Why Executives Should Learn Design Thinking

Design thinking is a scientifically tested approach to problem solving that brings together three core elements critical to innovation: business needs, technological possibilities and the human element.

Design thinking is a problem-solving strategy that encourages the use of imagination, intuition and systemic reasoning to explore new possibilities for solutions. It’s also a lot more fun than a traditional brainstorming session, said Liz Glaser, director of integrated talent management for e-commerce solutions company Pitney Bowes; she teaches design thinking in its Early in Career high performers program.

In these workshops — and in many design thinking courses — participants are likely to find piles of colored pencils, play dough, toys and white boards covered in colorful drawings, and they are encouraged to use them all for inspiration. “Giving people the ability to be creative is how you find answers,” Glaser explained. “It’s a lot less confining than a traditional learning environment.”

Learn with Toys

Sham Desai, director of telesales and digital linkage at Pitney Bowes, completed the EIC course last year. He said at first he was surprised by the toys and coloring tools, but he later found them to surprisingly helpful. “A three-day course can be grueling, but having something simple to play with frees your mind to pay attention,” he explained. He has since applied the philosophy to his own team, providing them with colored pencils and pads of paper at every meeting. “It helps them stay engaged.”

A lot of the reasoning behind using these seemingly childish tools has to do with giving people permission to work visually and collaboratively without a predefined outcome, said Shelley Evenson, San Francisco-based managing director of organizational evolution at Fjord, a design and innovation consultancy acquired by Accenture in 2013. “When people are having fun, they think more broadly about solutions, which gets ideas flowing.”

Of course, design thinking is more than just fun and games. It is a scientifically tested approach to problem solving that brings together three core elements that are critical to innovation: business needs, technological possibilities and the human element, Evenson said. Her team is dedicated to teaching Accenture employees and clients how to master design thinking.

Combining all three facets — business, technology and human — is how you avoid coming up with innovations that only solve part of a problem, she said. “United Airlines is a great example. They had a solution (removing paying customers to accommodate traveling employees) that ignored the human need.”

Learn by Doing

It’s also helpful when learning occurs within the context of business needs, which is why Evenson’s team is more likely to participate in workshops and team meetings, where participants are trying to solve real-world problems, rather than hosting stand-alone learning sessions. “We want to foster learning by doing, and that happens naturally when teams are already working together on a goal,” she said. “We speed the process by embedding people onto these teams who know how to apply design thinking.”

While most of these design thinking workshops happen in face-to-face environments, it can be done with online technology — as long as there is a collaboration component, Evenson explained. “Design thinking is a team sport, so learning how to do it alone online isn’t likely.”

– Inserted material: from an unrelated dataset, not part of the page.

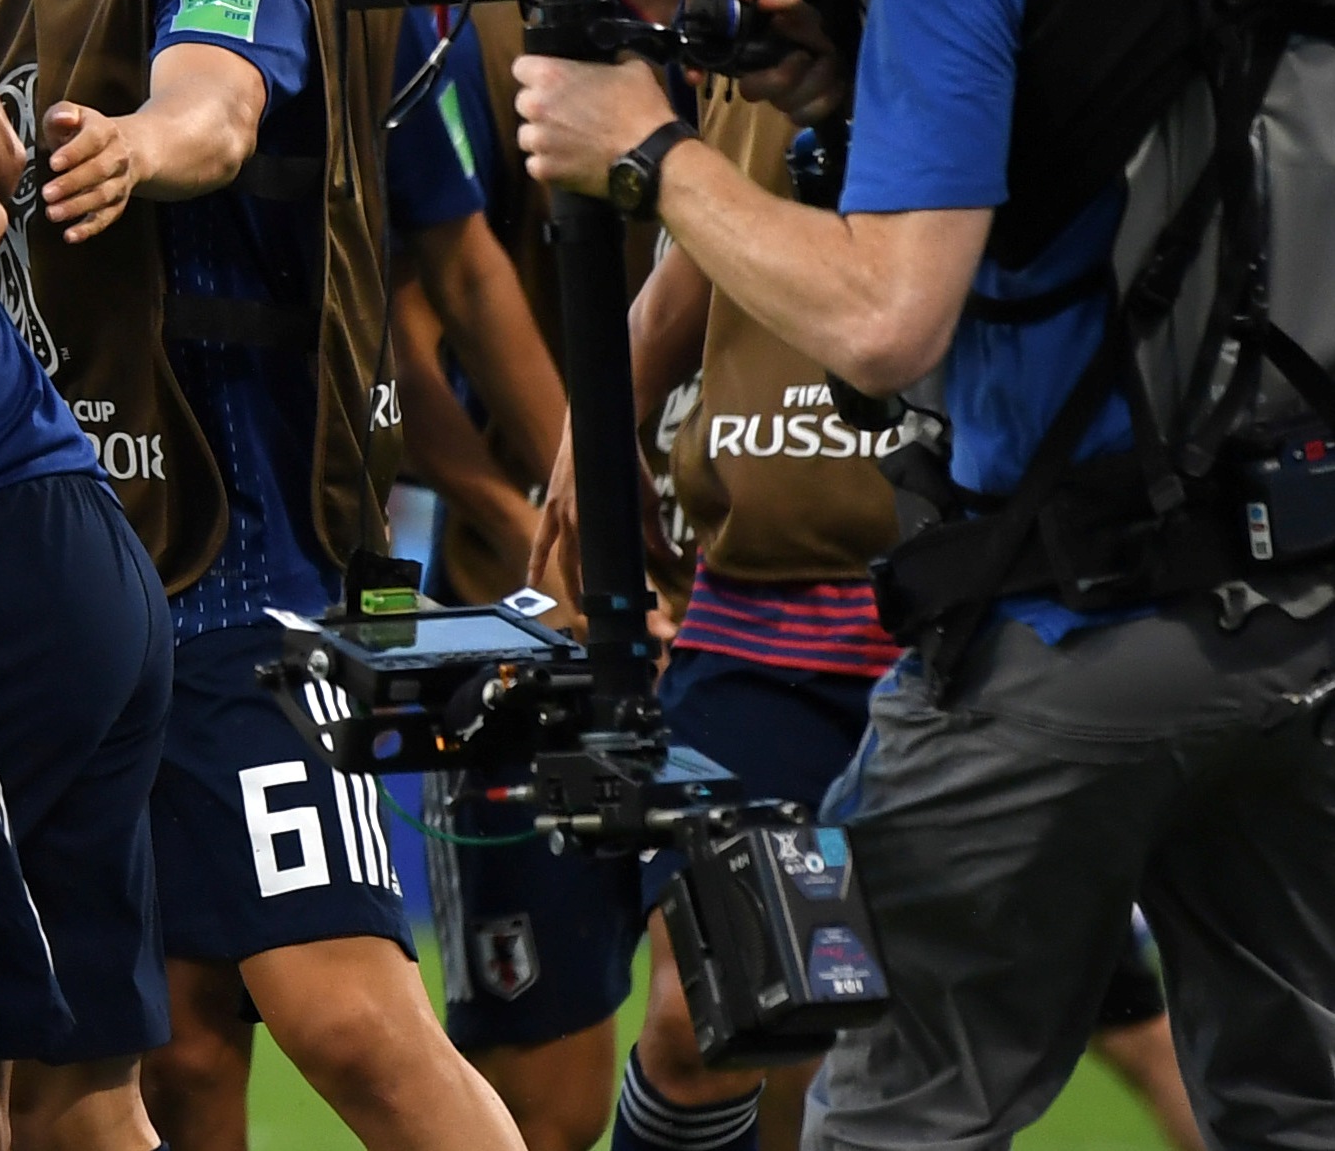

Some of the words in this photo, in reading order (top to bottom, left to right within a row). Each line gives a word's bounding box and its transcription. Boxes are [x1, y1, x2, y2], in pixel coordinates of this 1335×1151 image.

She points to a recent workshop with the Accenture HR team to envision how the group would enable a new performance achievement culture; it’s a dramatic shift in how the company provides career planning and feedback. To wrap their minds around how the new system would work across the global company, which has almost 400,000 employees, the group designed a blueprint.

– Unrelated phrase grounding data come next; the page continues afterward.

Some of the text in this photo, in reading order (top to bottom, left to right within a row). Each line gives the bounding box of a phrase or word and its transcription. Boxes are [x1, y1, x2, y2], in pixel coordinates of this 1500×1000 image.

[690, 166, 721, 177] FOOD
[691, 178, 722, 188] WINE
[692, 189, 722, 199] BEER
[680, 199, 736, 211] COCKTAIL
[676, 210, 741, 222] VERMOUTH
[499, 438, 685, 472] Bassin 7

The blueprint featured all of the dependent business units, technology systems and people involved in the performance achievement process to identify touchpoints and sketch out how they would integrate these otherwise siloed groups. “They had never been able to visualize it before,” Evenson said. “Now they have that blueprint in their limbic systems, and they can picture it every time they make a decision.”

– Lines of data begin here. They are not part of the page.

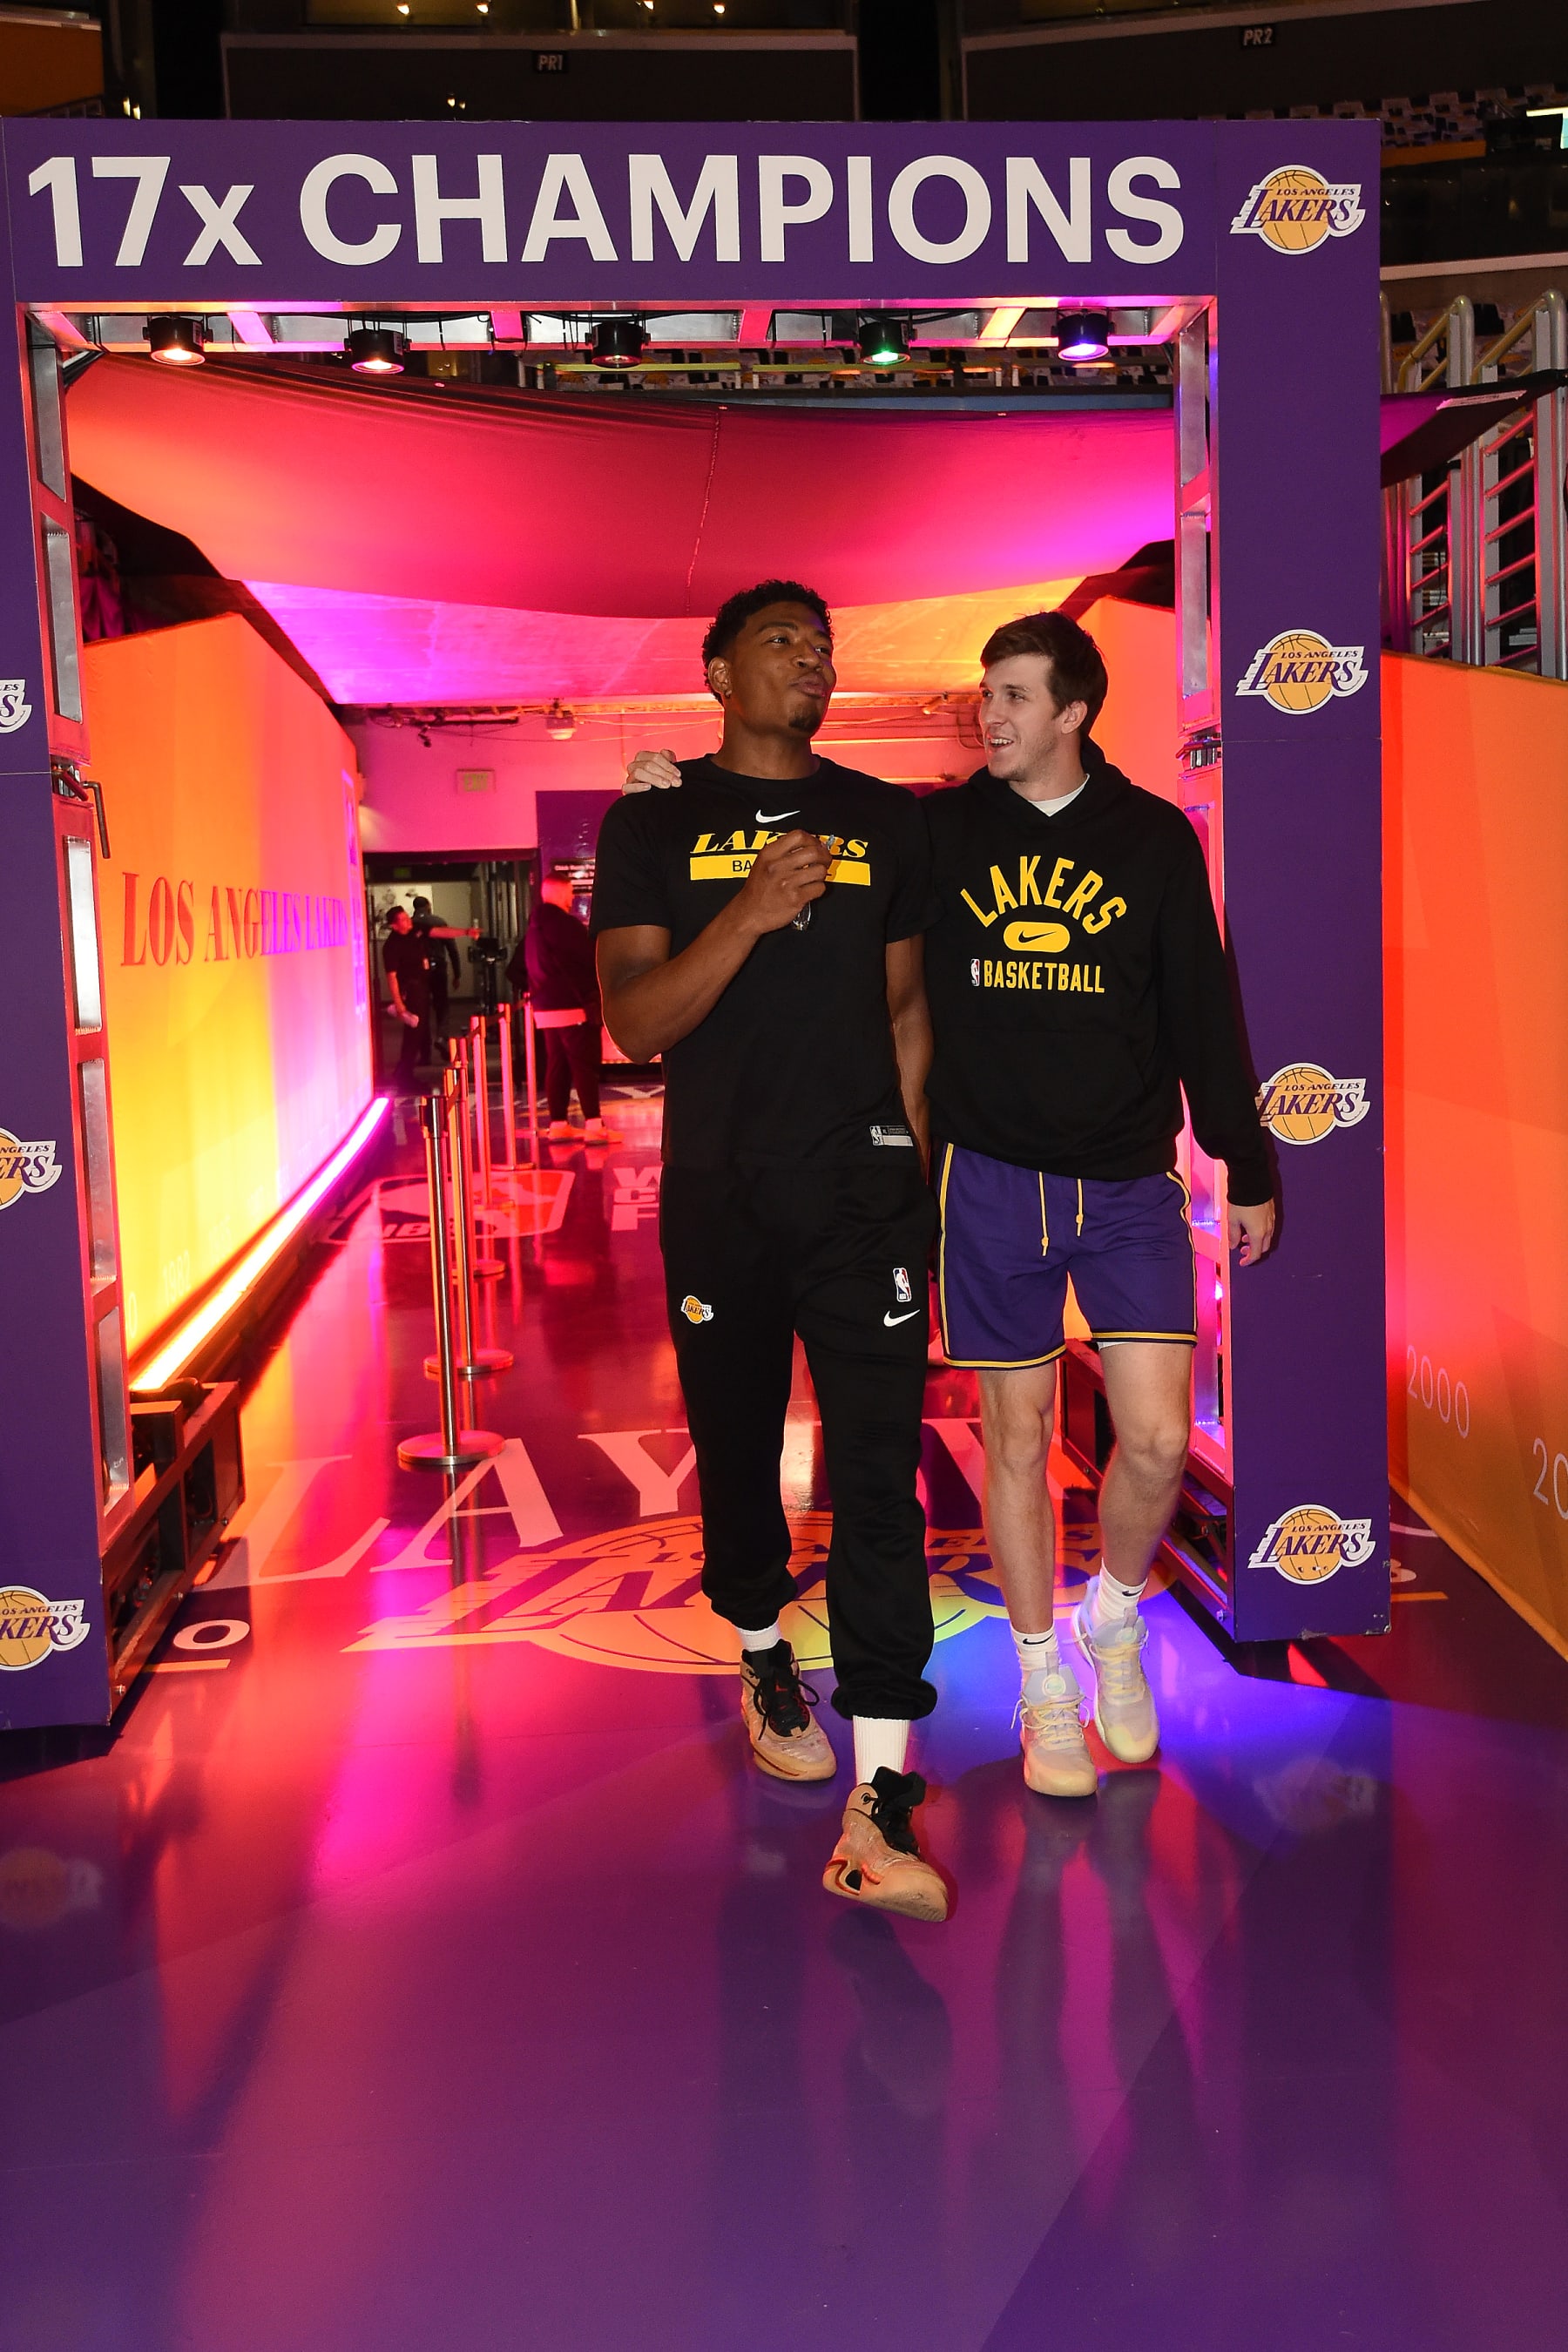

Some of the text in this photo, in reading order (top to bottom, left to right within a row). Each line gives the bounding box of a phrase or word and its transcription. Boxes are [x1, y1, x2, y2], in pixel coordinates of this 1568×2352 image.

[1243, 28, 1272, 45] PR2
[28, 152, 1185, 267] 17x CHAMPIONS
[1238, 188, 1357, 231] LAKERS
[1242, 652, 1360, 692] LAKERS
[1304, 650, 1359, 659] ANGELES
[690, 830, 868, 858] LAKRS
[960, 855, 1127, 934] LAKERS
[120, 871, 195, 967] LOS
[204, 885, 301, 963] ANGELES
[983, 960, 1105, 993] BASKETBALL
[1257, 1085, 1361, 1122] LAKERS
[1307, 1082, 1361, 1091] ANGELES
[0, 1145, 50, 1153] NGELES
[1407, 1344, 1470, 1438] 2000
[1254, 1526, 1367, 1563] LAKERS
[1314, 1523, 1367, 1532] ANGELES
[0, 1604, 78, 1616] OS ANGELES

Further, teaching employees design thinking in the context of a single project doesn’t just solve that one identified problem or project goal. By giving employees the tools to think more creatively, and guiding them on how they can immediately apply them on the job, those skills become embedded into the work flow, said Bryan Mattimore, co-founder for The Growth Engine Co., an innovation agency in Norwalk, Connecticut. “Once they see how it works, it spreads like a beneficial virus to the rest of the team.”